For this exercise, write out every entry exactly and leave the pictures out.

======== Source data

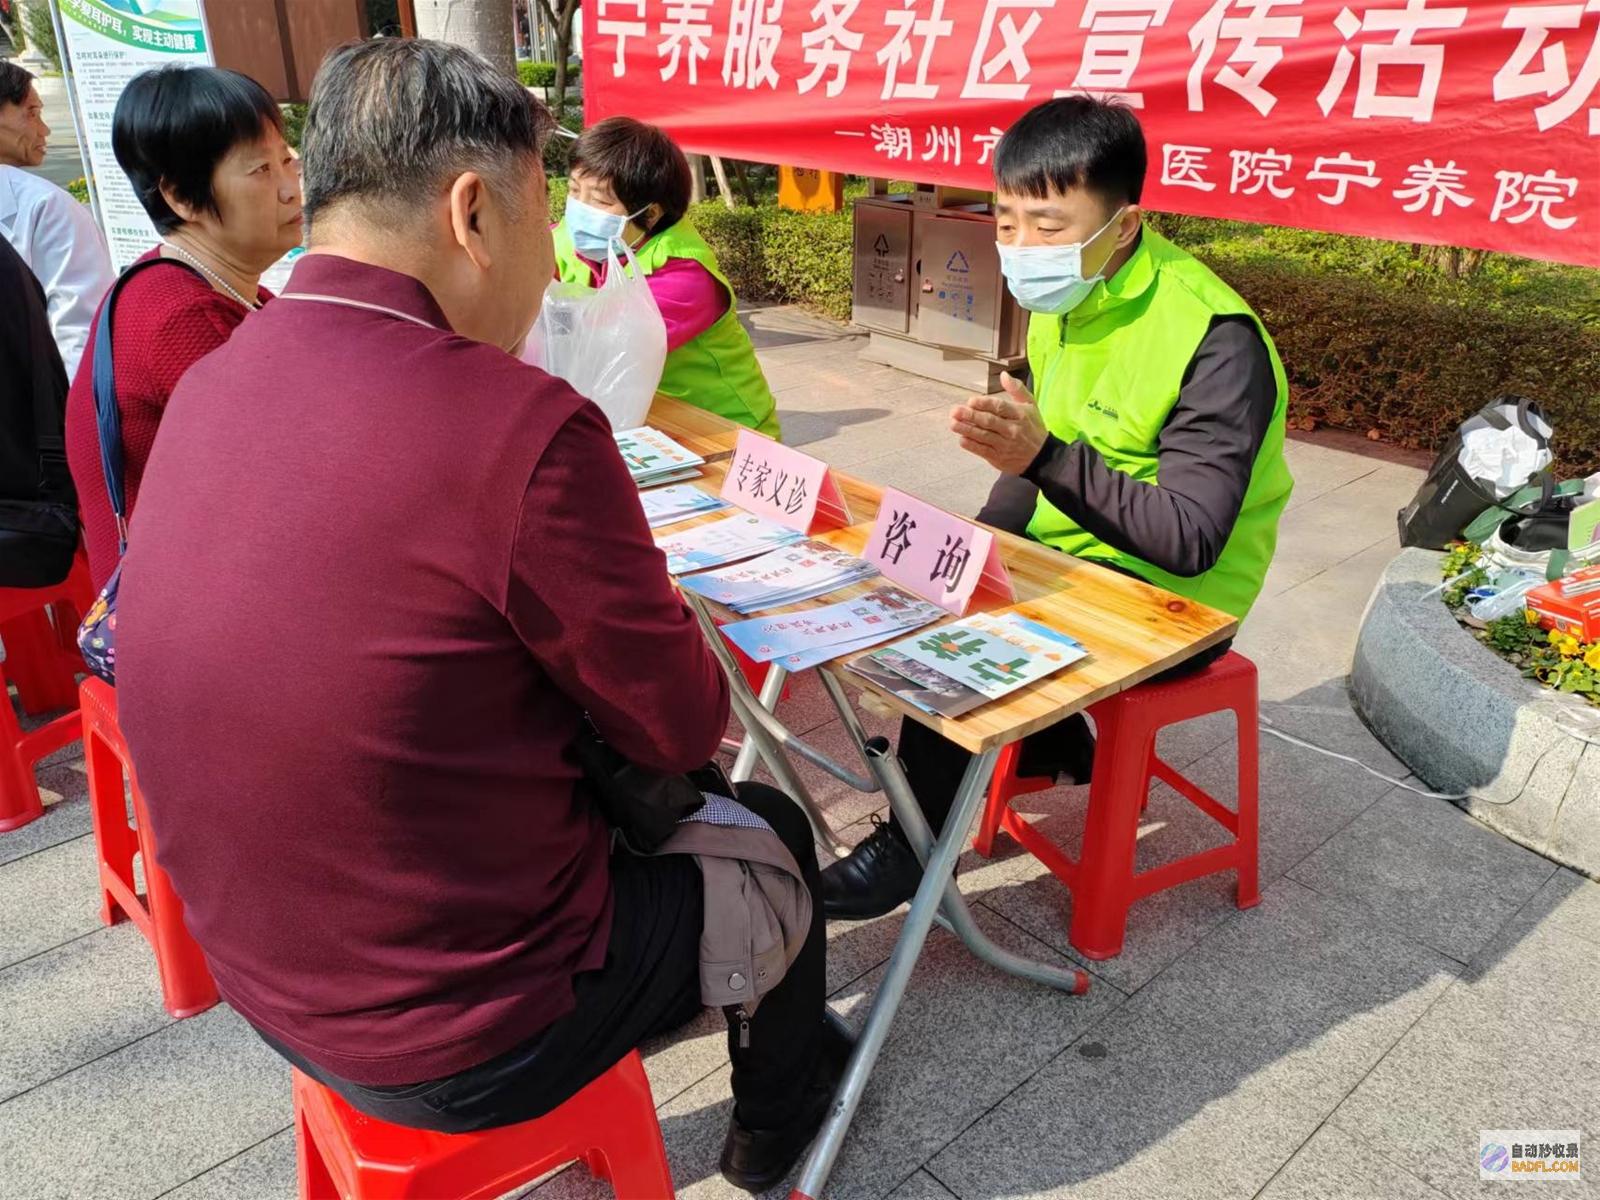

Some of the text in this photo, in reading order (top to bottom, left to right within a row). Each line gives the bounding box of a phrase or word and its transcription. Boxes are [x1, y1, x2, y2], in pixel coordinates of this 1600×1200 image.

[736, 453, 808, 516] 专家义诊
[880, 509, 972, 594] 咨询
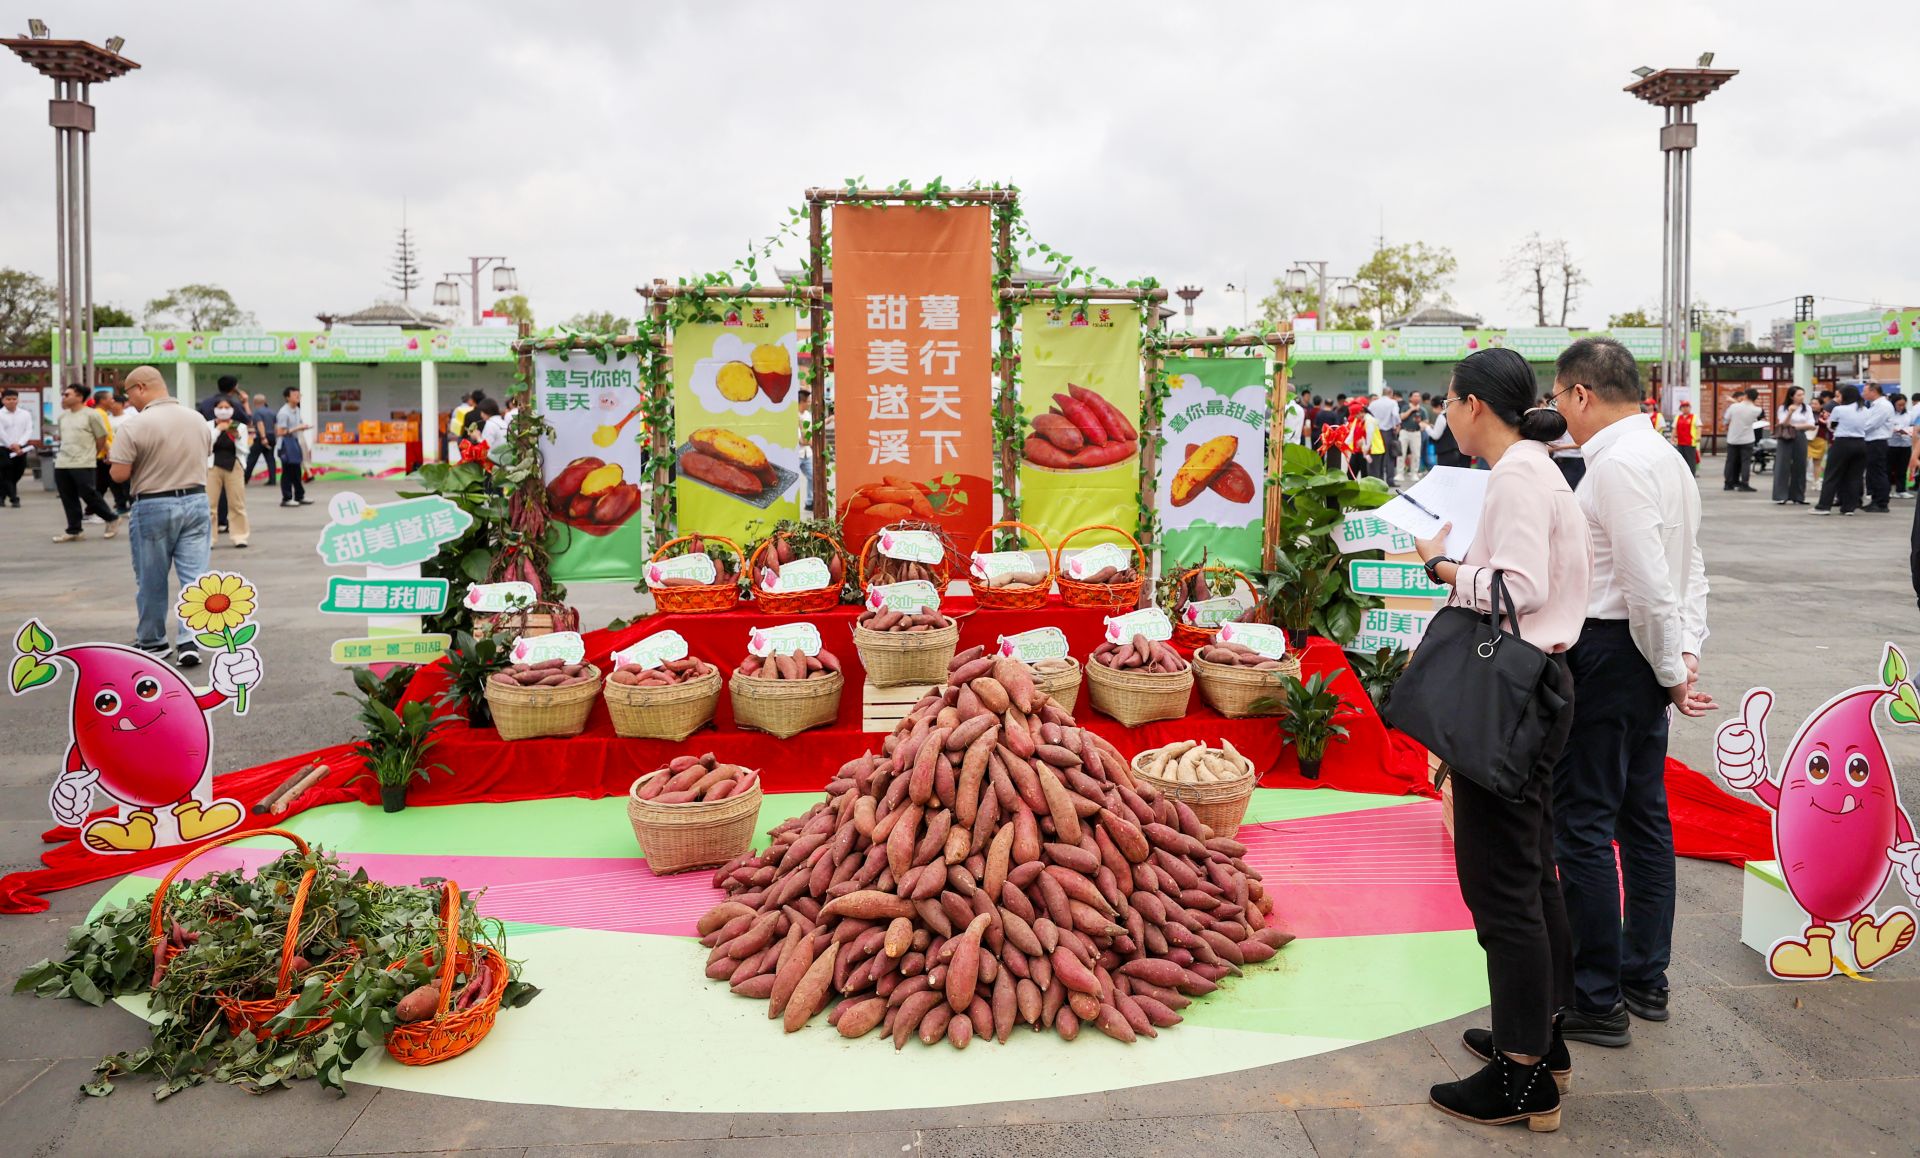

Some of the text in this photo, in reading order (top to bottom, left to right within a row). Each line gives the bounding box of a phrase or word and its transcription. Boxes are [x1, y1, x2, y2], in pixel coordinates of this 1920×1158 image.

[546, 369, 632, 388] 薯与你的
[866, 294, 910, 465] 甜美遂溪
[919, 294, 961, 465] 薯行天下
[546, 393, 590, 411] 春天
[1168, 399, 1264, 434] 薯你最甜美
[332, 508, 456, 562] 甜美遂溪
[334, 585, 442, 610] 薯薯我啊
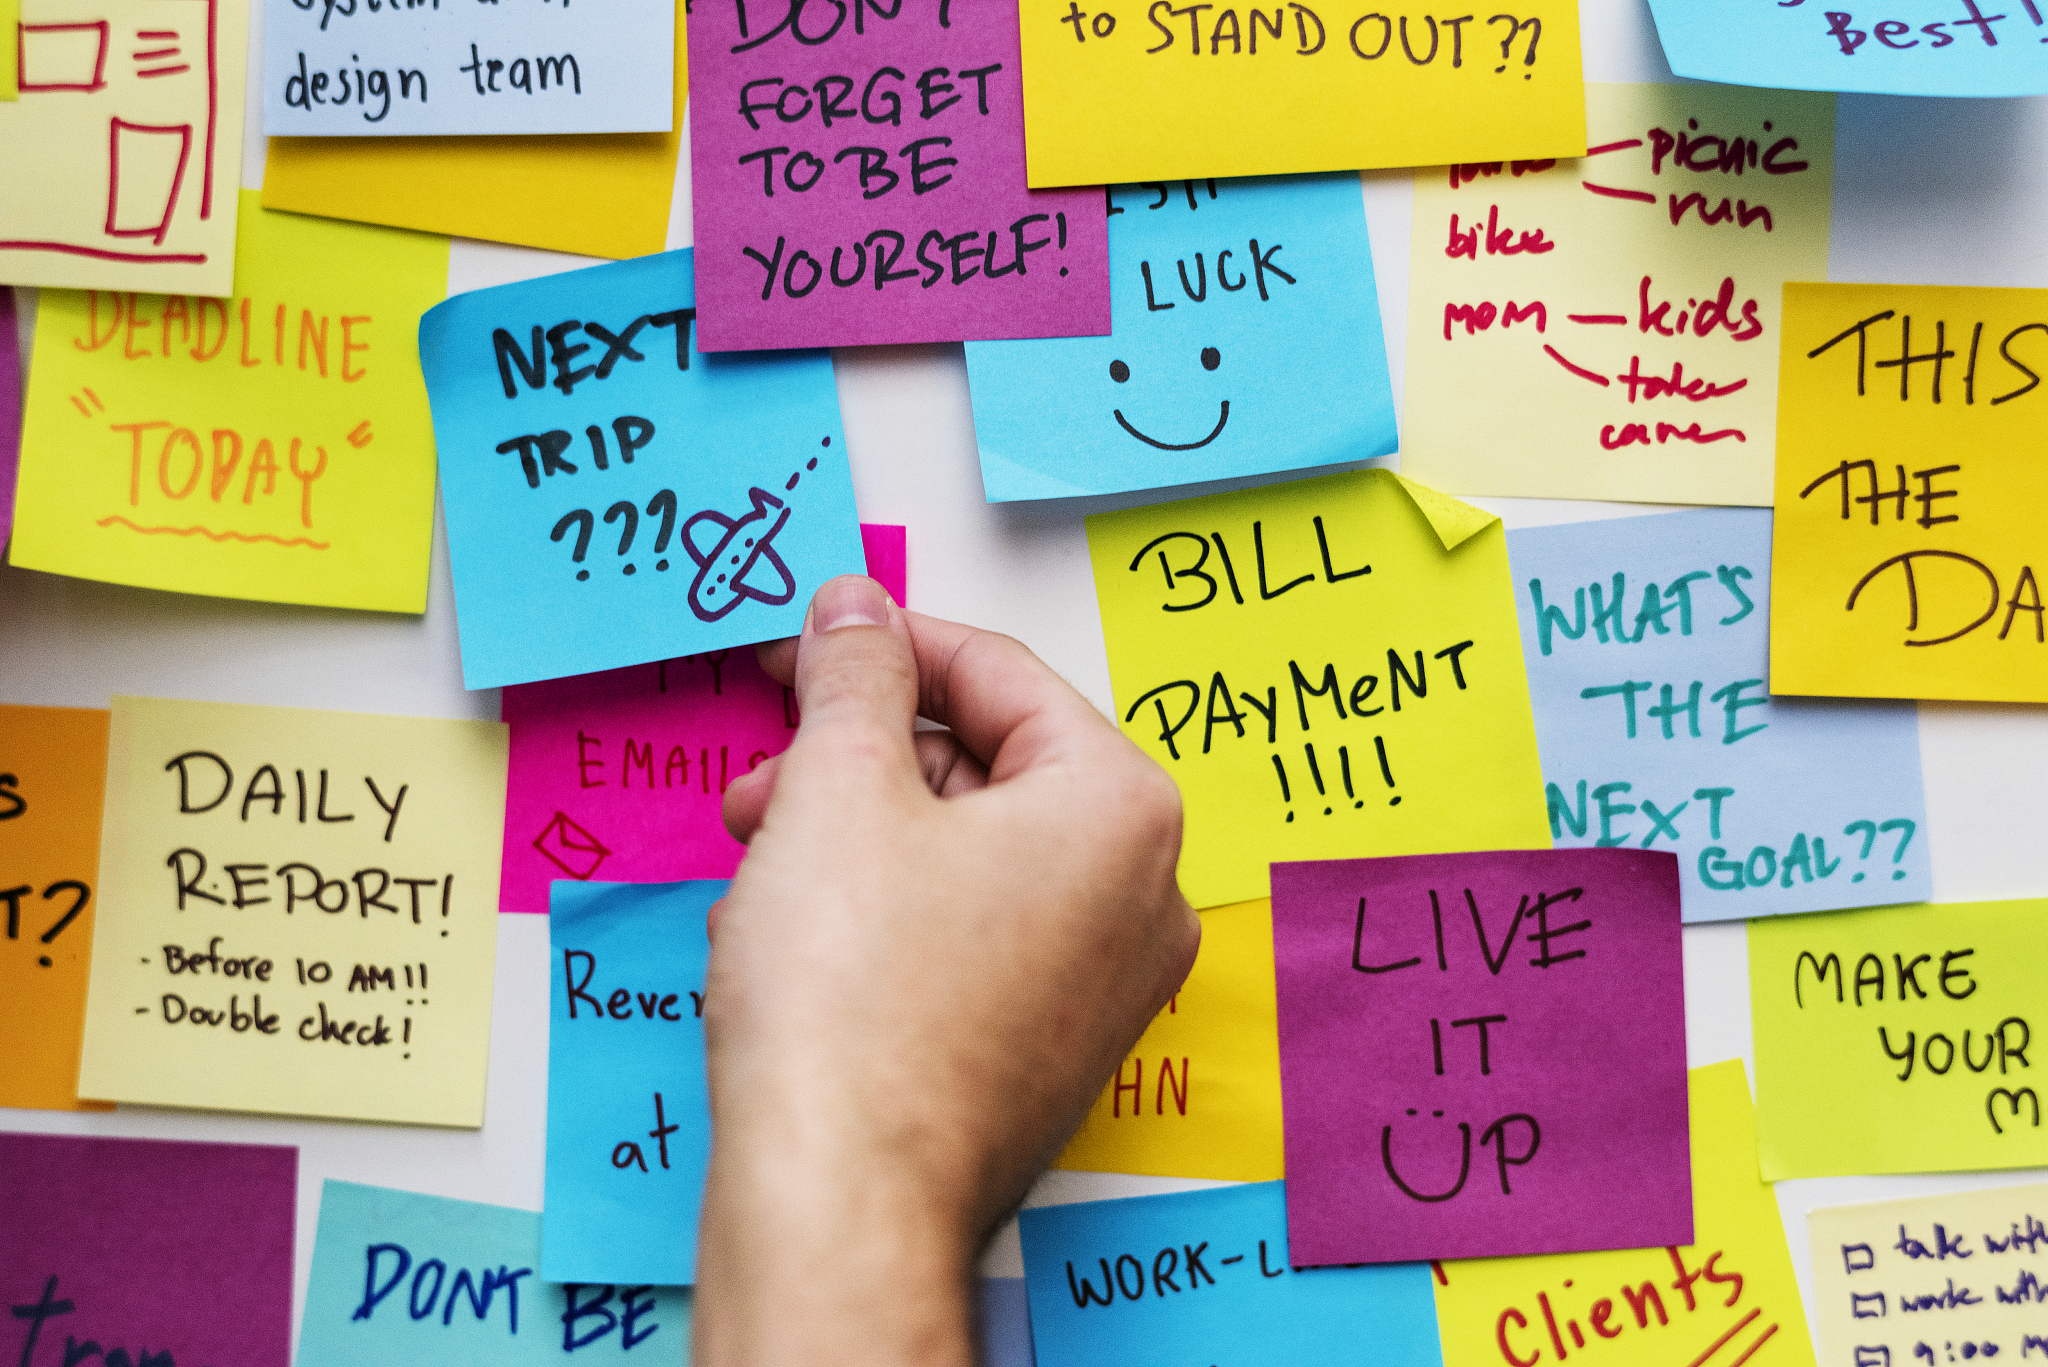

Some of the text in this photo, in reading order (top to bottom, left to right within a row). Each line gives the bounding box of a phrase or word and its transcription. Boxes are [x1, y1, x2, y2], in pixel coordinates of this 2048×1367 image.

[1146, 2, 1327, 57] STAND
[284, 43, 582, 122] design team
[738, 62, 1003, 130] FORGET
[738, 136, 959, 200] TO BE
[1648, 118, 1809, 176] picnic
[1445, 204, 1555, 261] bike
[1669, 192, 1773, 232] run
[742, 212, 1069, 301] YOURSELF!
[1140, 238, 1297, 312] LUCK
[74, 291, 373, 382] DEADLINE
[1638, 275, 1763, 342] kids
[492, 308, 697, 398] NEXT
[1807, 309, 2048, 405] THIS
[495, 414, 656, 488] TRIP
[1799, 459, 1961, 530] THE
[550, 489, 678, 581] ???
[1129, 515, 1372, 612] BILL
[1579, 678, 1769, 745] THE
[165, 750, 408, 842] DAILY
[1271, 735, 1403, 823] !!!!
[1544, 778, 1735, 849] NEXT
[1698, 817, 1917, 891] GOAL??
[167, 848, 454, 938] REPORT!
[163, 937, 275, 981] Before
[1351, 887, 1592, 975] LIVE
[1794, 948, 1978, 1009] MAKE
[161, 993, 281, 1036] Double
[298, 1004, 413, 1058] check!
[1430, 1013, 1508, 1076] IT
[1878, 1016, 2031, 1082] YOUR
[611, 1092, 680, 1173] at
[1893, 1223, 1973, 1260] talk
[561, 1283, 659, 1351] BE
[1496, 1245, 1744, 1367] Clients
[1899, 1277, 1983, 1312] work

================

## Response to this exercise
Some of the text in this photo, in reading order (top to bottom, left to right within a row). Each line gives the bounding box of a phrase or word and its transcription. Boxes are [x1, y1, x2, y2], in pixel coordinates of this 1600×1200 image.

[736, 453, 808, 516] 专家义诊
[880, 509, 972, 594] 咨询

Some of the text in this photo, in reading order (top to bottom, left to right within a row). Each line gives the bounding box of a phrase or word and its transcription. Boxes are [x1, y1, x2, y2], in pixel coordinates of this 1920×1158 image.

[546, 369, 632, 388] 薯与你的
[866, 294, 910, 465] 甜美遂溪
[919, 294, 961, 465] 薯行天下
[546, 393, 590, 411] 春天
[1168, 399, 1264, 434] 薯你最甜美
[332, 508, 456, 562] 甜美遂溪
[334, 585, 442, 610] 薯薯我啊

Some of the text in this photo, in reading order (top to bottom, left to right within a row). Each line gives the bounding box of a phrase or word and its transcription. Boxes are [x1, y1, x2, y2], in pixel coordinates of this 2048×1367 image.

[1146, 2, 1327, 57] STAND
[284, 43, 582, 122] design team
[738, 62, 1003, 130] FORGET
[738, 136, 959, 200] TO BE
[1648, 118, 1809, 176] picnic
[1445, 204, 1555, 261] bike
[1669, 192, 1773, 232] run
[742, 212, 1069, 301] YOURSELF!
[1140, 238, 1297, 312] LUCK
[74, 291, 373, 382] DEADLINE
[1638, 275, 1763, 342] kids
[492, 308, 697, 398] NEXT
[1807, 309, 2048, 405] THIS
[495, 414, 656, 488] TRIP
[1799, 459, 1961, 530] THE
[550, 489, 678, 581] ???
[1129, 515, 1372, 612] BILL
[1579, 678, 1769, 745] THE
[165, 750, 408, 842] DAILY
[1271, 735, 1403, 823] !!!!
[1544, 778, 1735, 849] NEXT
[1698, 817, 1917, 891] GOAL??
[167, 848, 454, 938] REPORT!
[163, 937, 275, 981] Before
[1351, 887, 1592, 975] LIVE
[1794, 948, 1978, 1009] MAKE
[161, 993, 281, 1036] Double
[298, 1004, 413, 1058] check!
[1430, 1013, 1508, 1076] IT
[1878, 1016, 2031, 1082] YOUR
[611, 1092, 680, 1173] at
[1893, 1223, 1973, 1260] talk
[561, 1283, 659, 1351] BE
[1496, 1245, 1744, 1367] Clients
[1899, 1277, 1983, 1312] work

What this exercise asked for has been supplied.